Northwest Atlantic cod
The northwest Atlantic cod has been regarded as heavily overfished throughout its range, resulting in a crash in the fishery in the United States and Canada during the early 1990s.
Newfoundland's northern cod fishery can be traced back to the 16th century. "On average, about 300,000 tonnes (330,000 short tons) of cod was landed annually until the 1960s, when advances in technology enabled factory trawlers, many of them foreign, to take larger catches. By 1968, landings for the fish peaked at 800,000 tonnes (880,000 short tons) before a gradual decline set in. With the reopening of the limited cod fisheries last year, nearly 2,700 tonnes (3,000 short tons) of cod were hauled in. Today, it's estimated that offshore cod stocks are at one per cent of what they were in 1977" .
Technologies that contributed to the collapse of Atlantic Cod include engine-powered vessels and frozen food compartments aboard ships.
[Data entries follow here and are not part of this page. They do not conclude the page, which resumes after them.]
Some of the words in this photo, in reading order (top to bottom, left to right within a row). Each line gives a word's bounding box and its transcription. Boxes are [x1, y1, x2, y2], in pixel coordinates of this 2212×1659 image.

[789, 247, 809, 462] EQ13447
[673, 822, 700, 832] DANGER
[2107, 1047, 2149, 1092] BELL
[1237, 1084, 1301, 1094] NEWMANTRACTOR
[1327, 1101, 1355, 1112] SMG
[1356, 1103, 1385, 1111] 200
Engine power vessels had larger nets, larger engines, and better navigation. The capacity to catch fish became limitless. In addition, sonar technology gave an edge to catching and detecting fish. Sonar was originally developed during World War II to locate enemy submarines, but was later applied to locating schools of fish. These new technologies, as well as bottom-trawlers that destroyed entire ecosystems, contributed to the collapse of Atlantic Cod. They were vastly different from old techniques used, such as hand lines and long lines.[12]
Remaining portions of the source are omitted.